Alex Johnson
Workplace violence against nurses and other healthcare workers has burgeoned in recent years, becoming a nationwide phenomenon across hospitals and clinics. In one report released by nurse.org last month, testimonials from workers and official injury statistics highlighted, as the article’s headline puts it, “a silent epidemic” of violence growing in healthcare settings.
The article cited a report released by the American Nurses Association (ANA), which found that a staggering one in four nurses is assaulted on the job on any given day. Drawing on figures from the Bureau of Labor Statistics, the ANA report notes that 13 percent of days way from work in the healthcare and social assistance sectors in 2013 were the result of violence. Workplace violence includes physical assaults, physical or verbal harassment, and even homicide.
Workplace violence in the healthcare sector remains higher than in most professions. According to the Occupational Safety and Health Administration (OSHA), an estimated 75 percent of reports of workplace violence each year occurs in the healthcare and social service industry.
Data from the National Crime Victimization Survey has documented that healthcare workers have a 20 percent higher chance of suffering workplace violence than other workers. A recent poll conducted by the American College of Emergency Physicians found that 47 percent of emergency physicians had been assaulted while at work and over 70 percent report witnessing another assault.
The surge of violence against healthcare workers is a function of the US healthcare system itself. Nurses in particular are the frontline contacts for patients in their families, who are often in medical and emotional crisis and can lash out emotionally and physically against those providing them with care. But this has always been the case. What has changed?
Emergency rooms, hospital wards and clinics are a microcosm of the communities around them, concentrating their social and economic distress, as well as increased violence. Patients and their families seeking medical care also have the added stress that, even if their treatment is successful, they could return home to crushing medical debt.
A recent survey by the Kaiser Family Foundation and the Los Angeles Times found that 137 million Americans struggle to pay their medical bills. One in six Americans who get insurance through their jobs say they been forced to make “difficult sacrifices” over the last years to pay for healthcare, including cutting back on food, doubling up with relatives or friends, or taking on extra work. One in five say their medical bills have eaten up all of most of their savings.
Skyrocketing out-of-pocket costs are the result of dramatically increased deductibles and co-pays.
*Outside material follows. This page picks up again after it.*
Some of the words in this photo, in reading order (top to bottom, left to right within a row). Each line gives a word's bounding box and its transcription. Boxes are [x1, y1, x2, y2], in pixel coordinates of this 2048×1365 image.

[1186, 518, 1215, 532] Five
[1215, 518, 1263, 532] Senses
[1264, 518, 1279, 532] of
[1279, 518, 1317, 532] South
Added to this is the impact of the Affordable Care Act on healthcare workers. While the ACA has reduced the uninsured rate, this means that more patients are utilizing their insurance, adding to patient loads for healthcare workers, who are also under pressure to cut costs for hospitals and other providers.
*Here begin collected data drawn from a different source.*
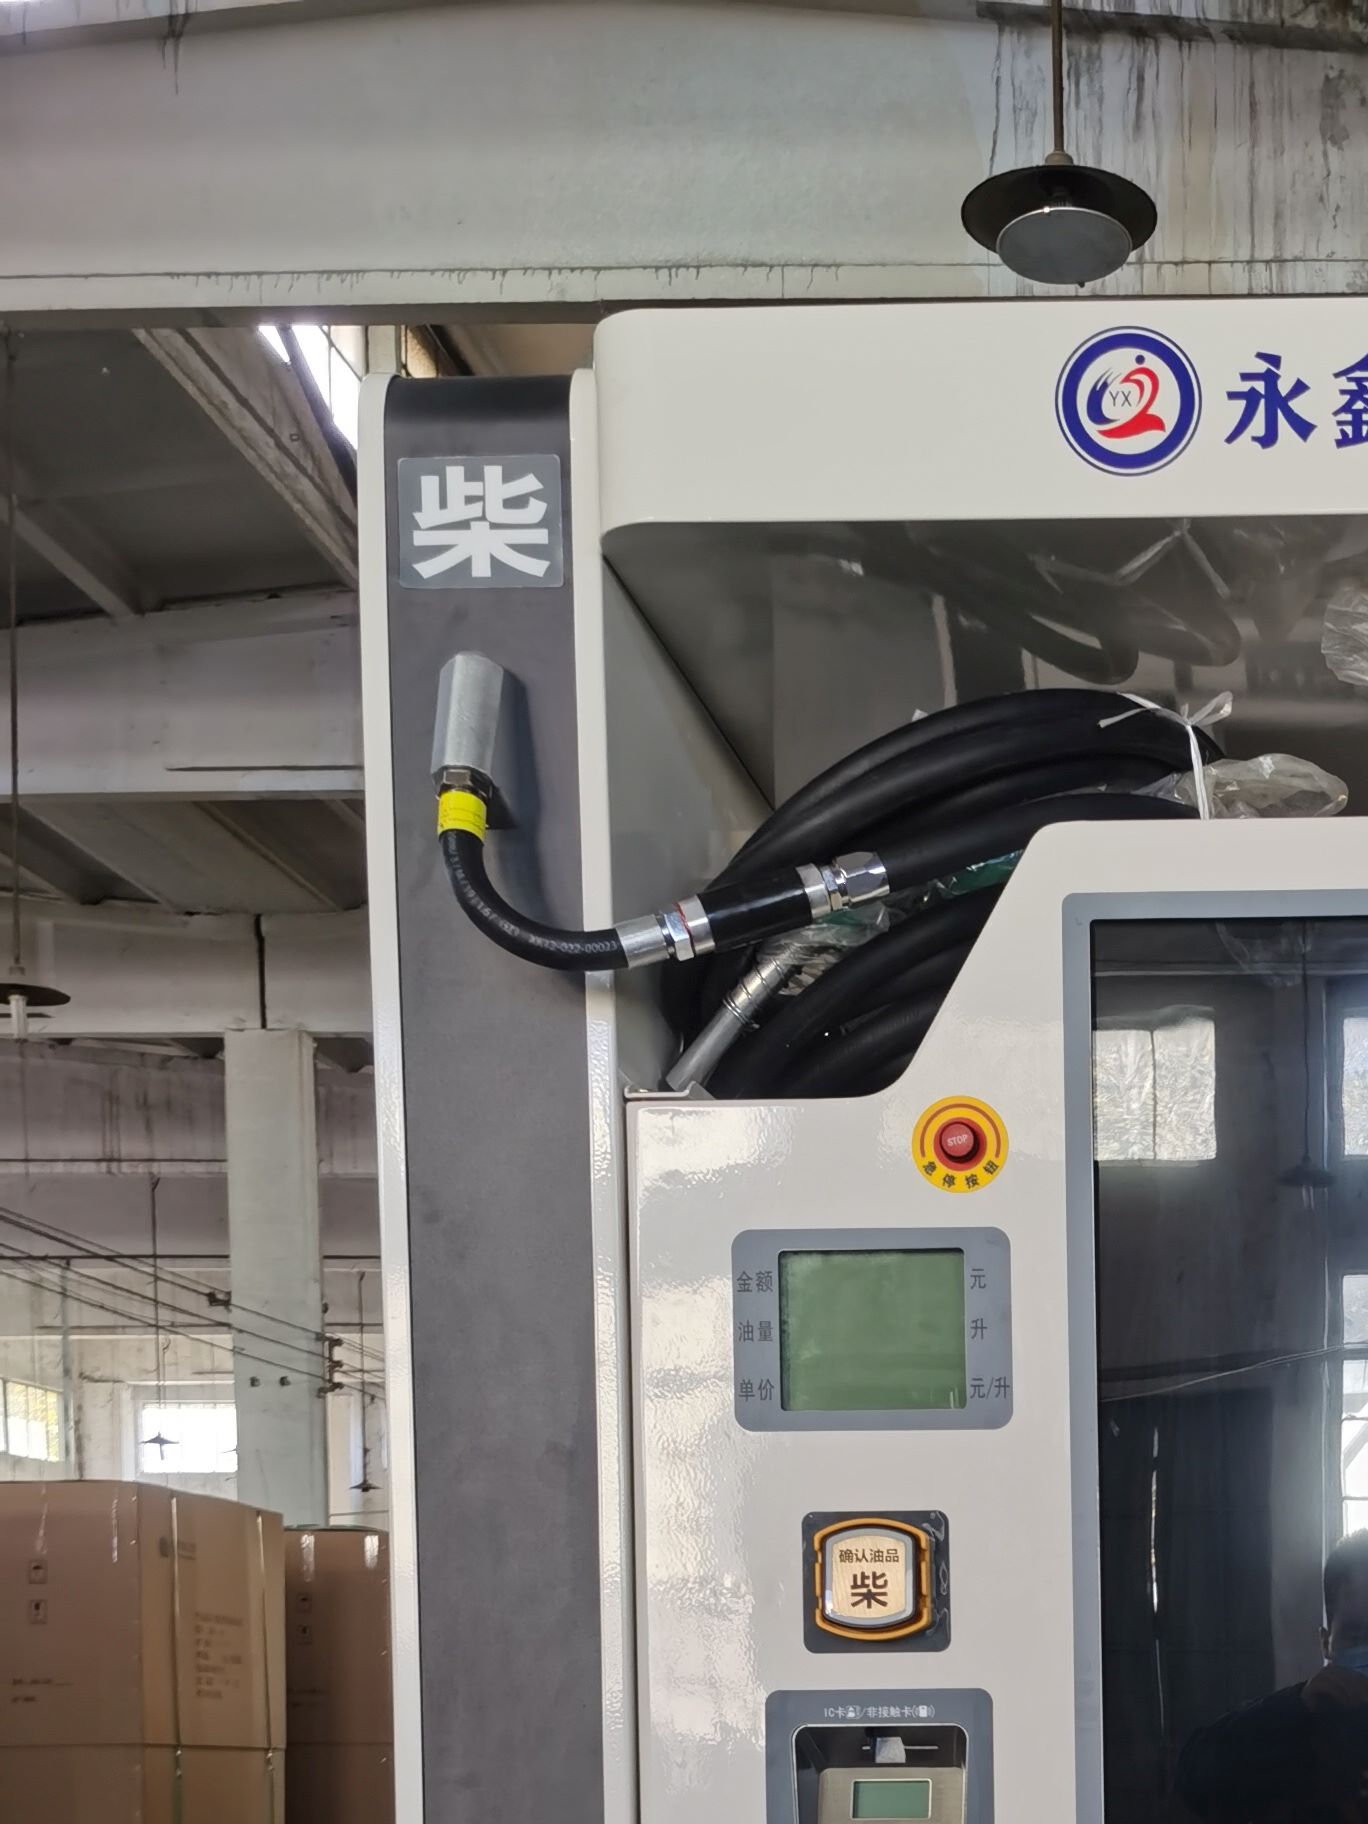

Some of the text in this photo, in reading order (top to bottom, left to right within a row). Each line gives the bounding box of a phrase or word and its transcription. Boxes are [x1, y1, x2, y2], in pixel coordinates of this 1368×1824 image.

[1108, 390, 1132, 408] YX
[411, 465, 550, 579] 柴
[946, 1133, 969, 1147] STOP
[736, 1270, 774, 1294] 金额
[970, 1268, 987, 1290] 元
[738, 1320, 774, 1343] 油量
[970, 1317, 988, 1341] 升
[738, 1378, 775, 1402] 单价
[970, 1375, 1011, 1400] 元/升
[838, 1548, 900, 1564] 确认油品
[850, 1571, 889, 1609] 柴
All of this translates into a potentially toxic environment for those providing patient care. The nurse.org article contains numerous stories of attacks on healthcare workers, revealing their workplace conditions to be veritable danger zones where they’re vulnerable to the most brutal assaults from patients.
Angela Simpson, a registered nurse from Maryland who was only employed for six months, suffered a severe head injury after being attacked by an agitated dementia patient.
Simpson compared the likelihood of her getting hurt while working to her husband, a corrections officer. “It is more likely that I will be hurt on the job by an assault than him,” she said. “He gets to use pepper spray and has a bullet-proof vest, and he has others to back him up. He has the right to defend himself.”
Despite the publication of numerous studies exposing the rising violence against nurses and other healthcare workers, the healthcare industry discourages nurses from reporting incidents of violence, even when injuries are sustained.